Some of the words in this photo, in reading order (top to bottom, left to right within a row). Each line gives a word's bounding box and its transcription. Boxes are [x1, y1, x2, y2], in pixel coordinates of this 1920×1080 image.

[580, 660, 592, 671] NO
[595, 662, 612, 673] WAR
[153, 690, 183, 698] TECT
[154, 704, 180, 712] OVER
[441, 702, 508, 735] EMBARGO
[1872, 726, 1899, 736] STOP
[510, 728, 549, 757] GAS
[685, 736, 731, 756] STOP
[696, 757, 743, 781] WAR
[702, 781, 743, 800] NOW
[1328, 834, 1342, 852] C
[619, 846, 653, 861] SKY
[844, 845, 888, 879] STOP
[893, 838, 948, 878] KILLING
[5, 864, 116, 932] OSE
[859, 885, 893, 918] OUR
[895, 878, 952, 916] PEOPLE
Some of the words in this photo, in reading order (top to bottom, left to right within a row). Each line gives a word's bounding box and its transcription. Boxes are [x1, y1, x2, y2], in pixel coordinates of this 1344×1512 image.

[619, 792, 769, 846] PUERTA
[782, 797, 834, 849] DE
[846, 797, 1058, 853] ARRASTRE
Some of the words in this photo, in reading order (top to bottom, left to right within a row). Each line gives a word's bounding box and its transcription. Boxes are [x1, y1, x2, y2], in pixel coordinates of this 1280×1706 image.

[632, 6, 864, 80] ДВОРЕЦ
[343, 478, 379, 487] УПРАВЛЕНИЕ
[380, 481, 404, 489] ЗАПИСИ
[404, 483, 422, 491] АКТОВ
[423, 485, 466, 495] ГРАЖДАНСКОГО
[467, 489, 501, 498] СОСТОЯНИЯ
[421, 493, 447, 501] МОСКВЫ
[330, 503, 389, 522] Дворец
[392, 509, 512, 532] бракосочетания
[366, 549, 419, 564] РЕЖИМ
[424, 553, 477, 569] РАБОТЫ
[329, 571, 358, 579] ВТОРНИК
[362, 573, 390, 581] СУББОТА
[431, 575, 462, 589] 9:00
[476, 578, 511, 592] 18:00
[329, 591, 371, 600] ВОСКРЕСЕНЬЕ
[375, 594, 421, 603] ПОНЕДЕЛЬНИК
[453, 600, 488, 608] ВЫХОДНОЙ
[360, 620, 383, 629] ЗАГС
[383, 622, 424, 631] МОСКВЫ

+ + + + + + +

What you should do:
Output exactly the lines from the one containing "this 1344×1512 image." through the last line of the entries, both ends included.

Exercise answer:
Some of the words in this photo, in reading order (top to bottom, left to right within a row). Each line gives a word's bounding box and its transcription. Boxes are [x1, y1, x2, y2], in pixel coordinates of this 1344×1512 image.

[619, 792, 769, 846] PUERTA
[782, 797, 834, 849] DE
[846, 797, 1058, 853] ARRASTRE
Some of the words in this photo, in reading order (top to bottom, left to right within a row). Each line gives a word's bounding box and its transcription. Boxes are [x1, y1, x2, y2], in pixel coordinates of this 1280×1706 image.

[632, 6, 864, 80] ДВОРЕЦ
[343, 478, 379, 487] УПРАВЛЕНИЕ
[380, 481, 404, 489] ЗАПИСИ
[404, 483, 422, 491] АКТОВ
[423, 485, 466, 495] ГРАЖДАНСКОГО
[467, 489, 501, 498] СОСТОЯНИЯ
[421, 493, 447, 501] МОСКВЫ
[330, 503, 389, 522] Дворец
[392, 509, 512, 532] бракосочетания
[366, 549, 419, 564] РЕЖИМ
[424, 553, 477, 569] РАБОТЫ
[329, 571, 358, 579] ВТОРНИК
[362, 573, 390, 581] СУББОТА
[431, 575, 462, 589] 9:00
[476, 578, 511, 592] 18:00
[329, 591, 371, 600] ВОСКРЕСЕНЬЕ
[375, 594, 421, 603] ПОНЕДЕЛЬНИК
[453, 600, 488, 608] ВЫХОДНОЙ
[360, 620, 383, 629] ЗАГС
[383, 622, 424, 631] МОСКВЫ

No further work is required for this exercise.